- _What you will do_
Down to the last line, set down the listing below exactly, apart from its pictures.

- _Records for this exercise_
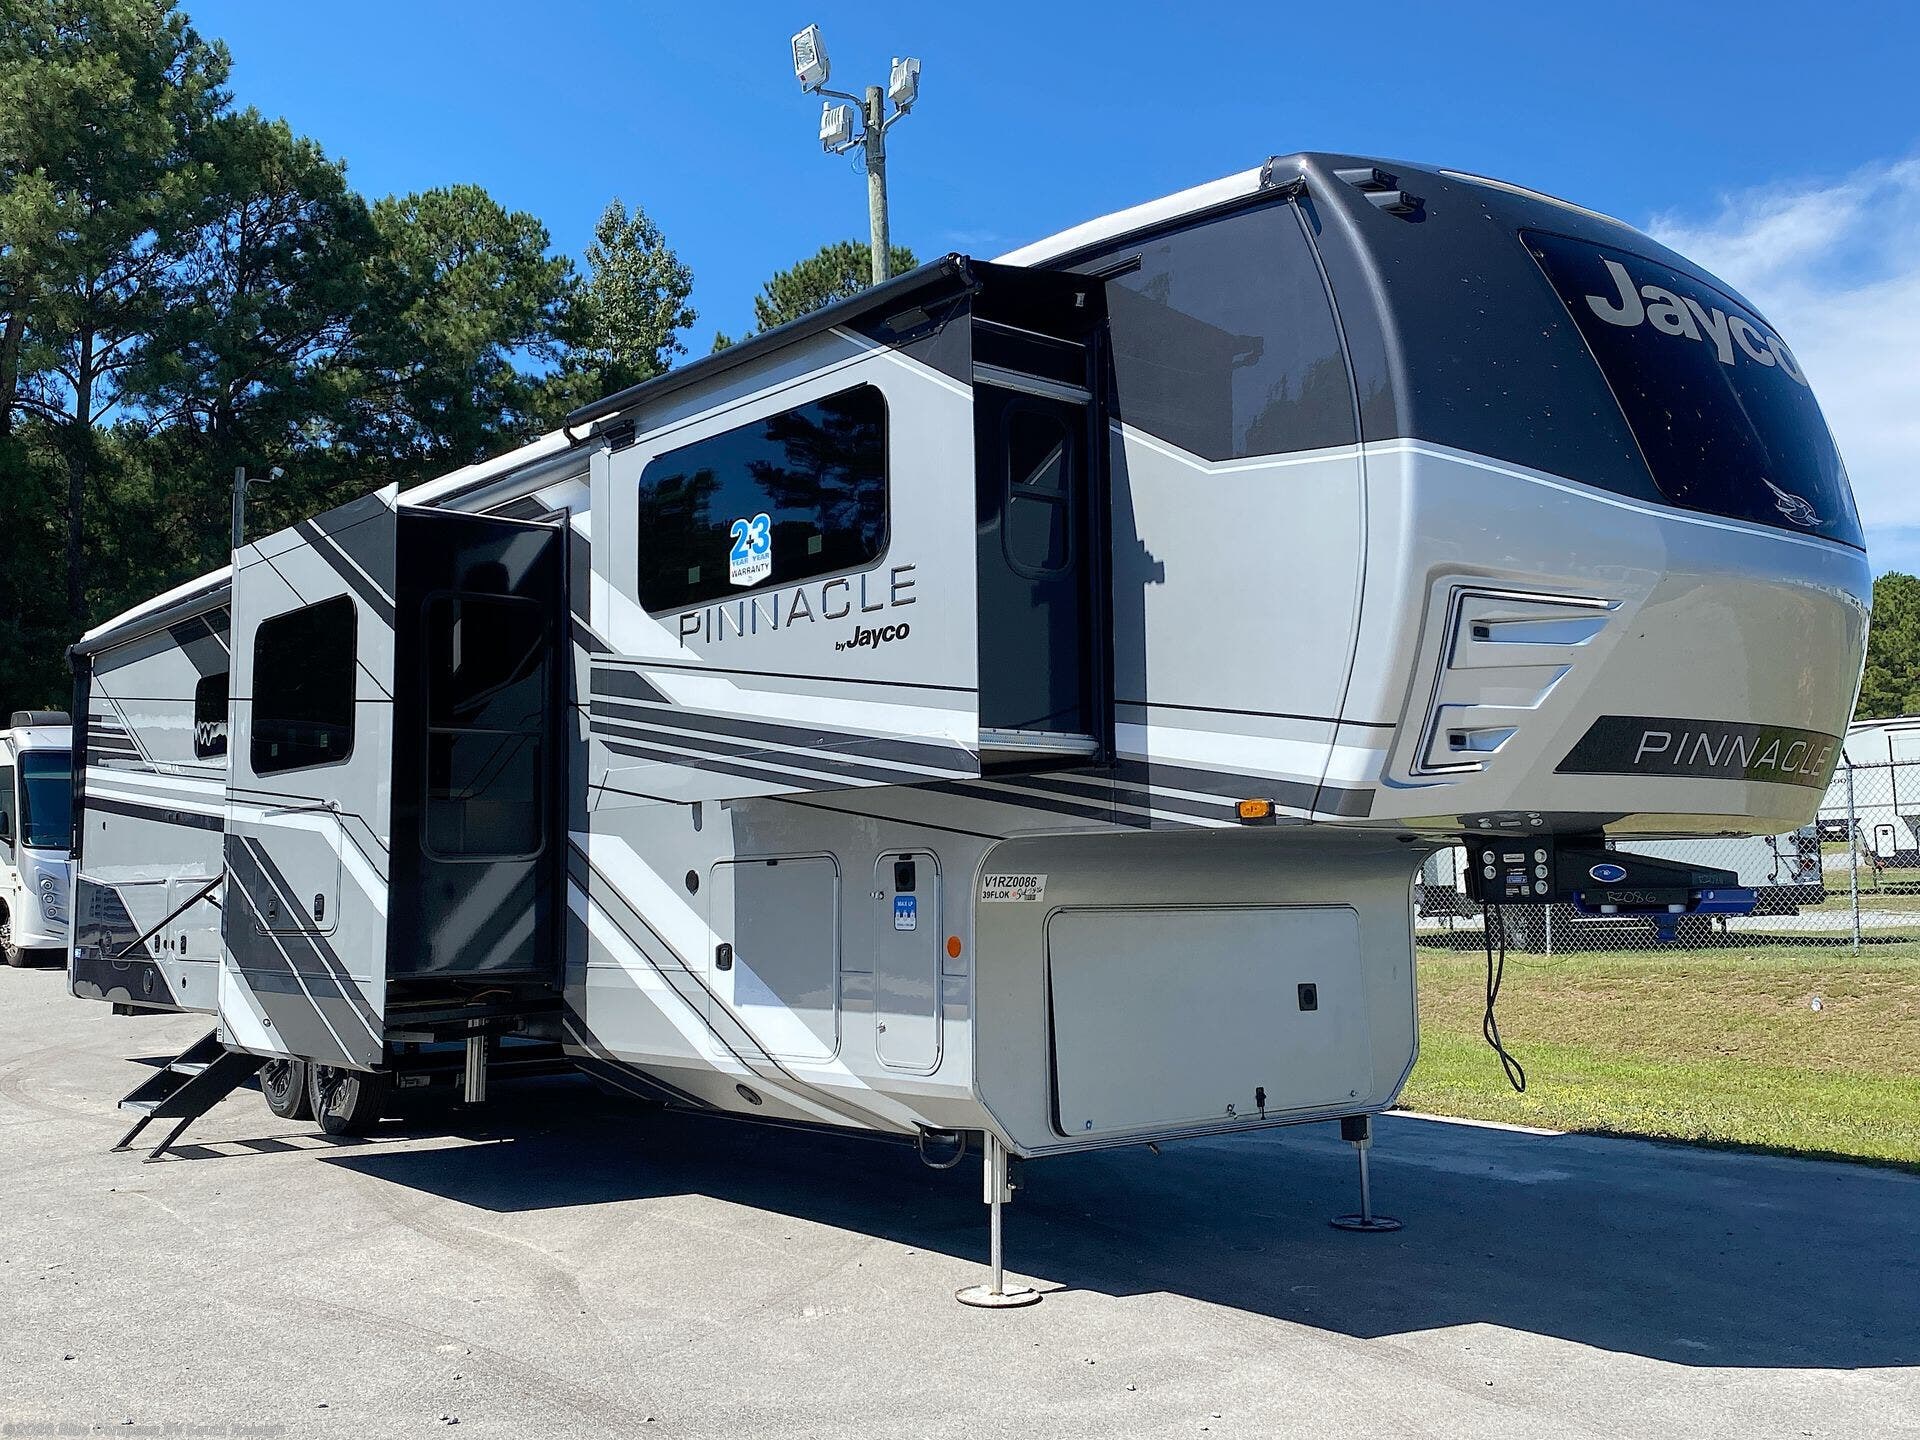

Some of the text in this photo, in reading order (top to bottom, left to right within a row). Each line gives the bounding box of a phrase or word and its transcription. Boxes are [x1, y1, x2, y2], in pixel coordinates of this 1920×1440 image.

[1584, 258, 1810, 387] Jayco
[731, 562, 770, 578] WARRANTY
[732, 552, 770, 567] YEAR YEAR
[679, 562, 917, 649] PINNACLE
[835, 621, 911, 652] by Jayco
[1633, 729, 1833, 778] PINNACLE
[984, 876, 1038, 888] V1RZ0086
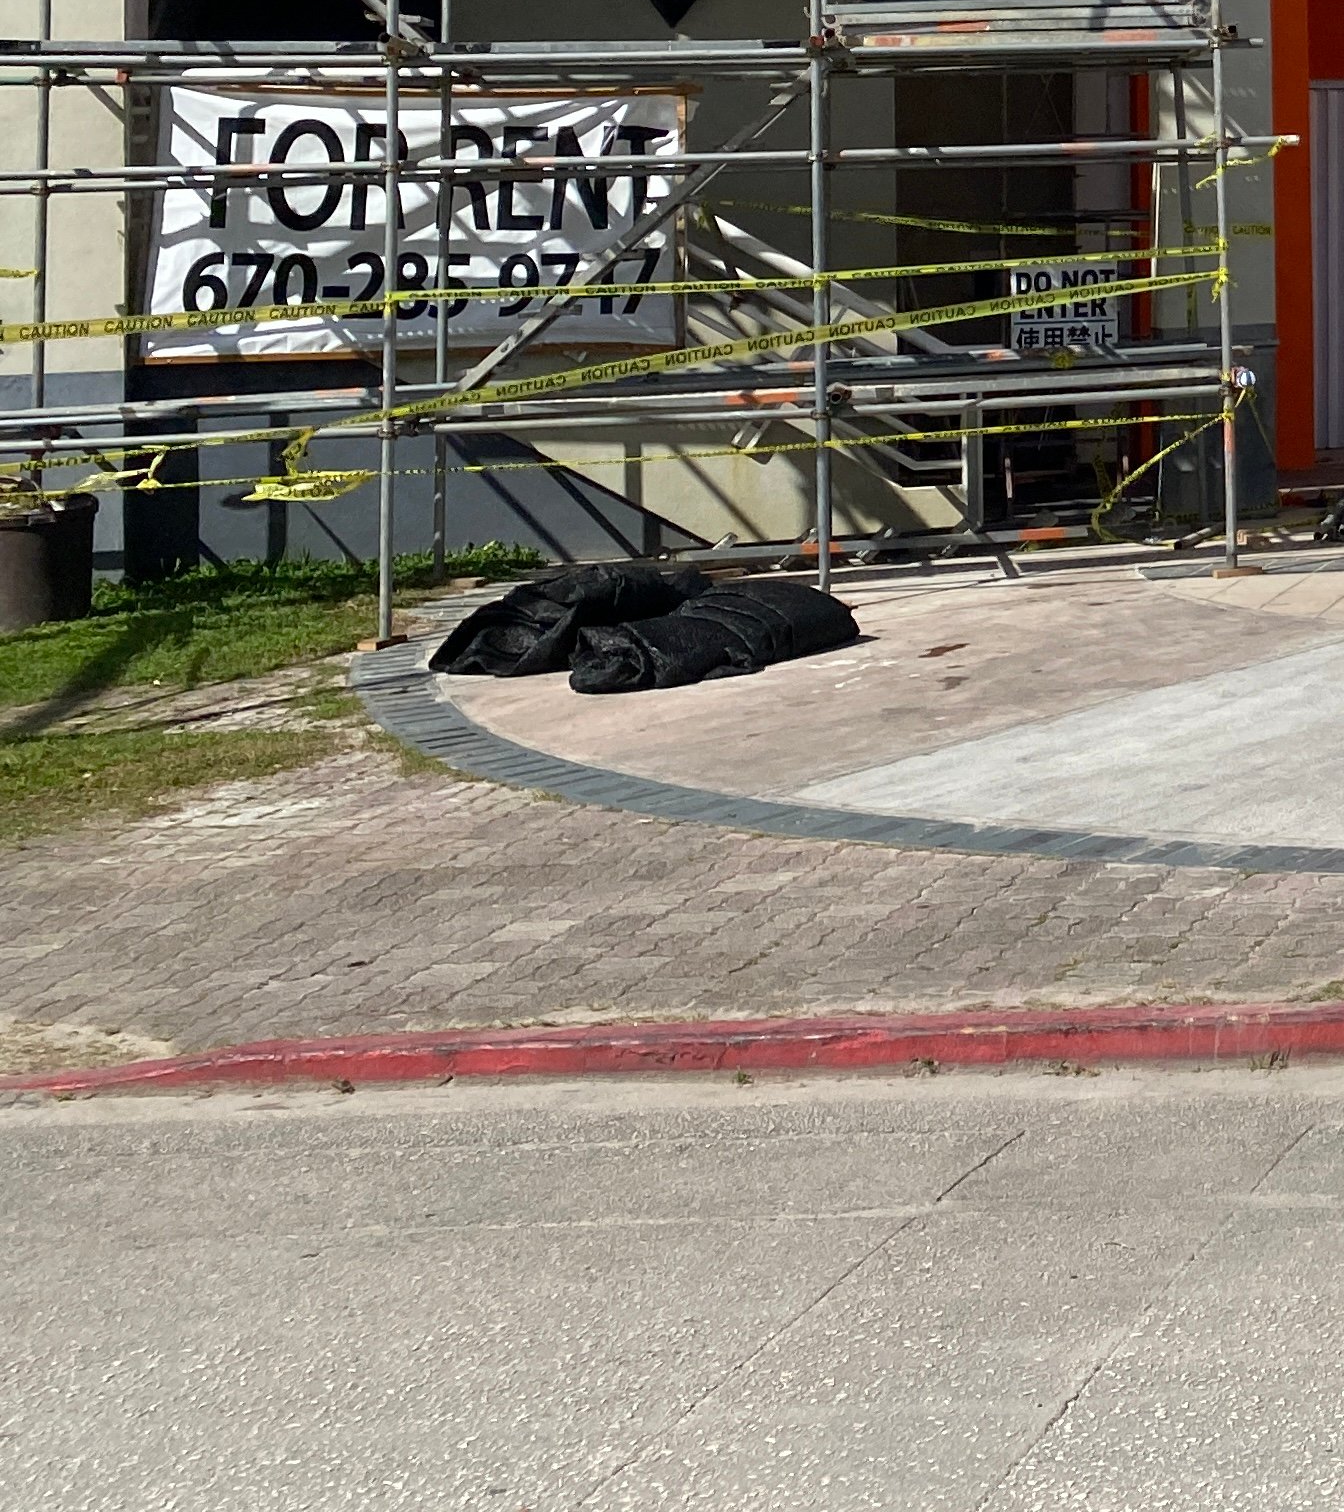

- _Problem solution_
Some of the text in this photo, in reading order (top to bottom, left to right within a row). Each line gives the bounding box of a phrase or word and its transcription. Boxes are [x1, y1, x2, y2], in pixel coordinates of this 1920×1440 image.

[1584, 258, 1810, 387] Jayco
[731, 562, 770, 578] WARRANTY
[732, 552, 770, 567] YEAR YEAR
[679, 562, 917, 649] PINNACLE
[835, 621, 911, 652] by Jayco
[1633, 729, 1833, 778] PINNACLE
[984, 876, 1038, 888] V1RZ0086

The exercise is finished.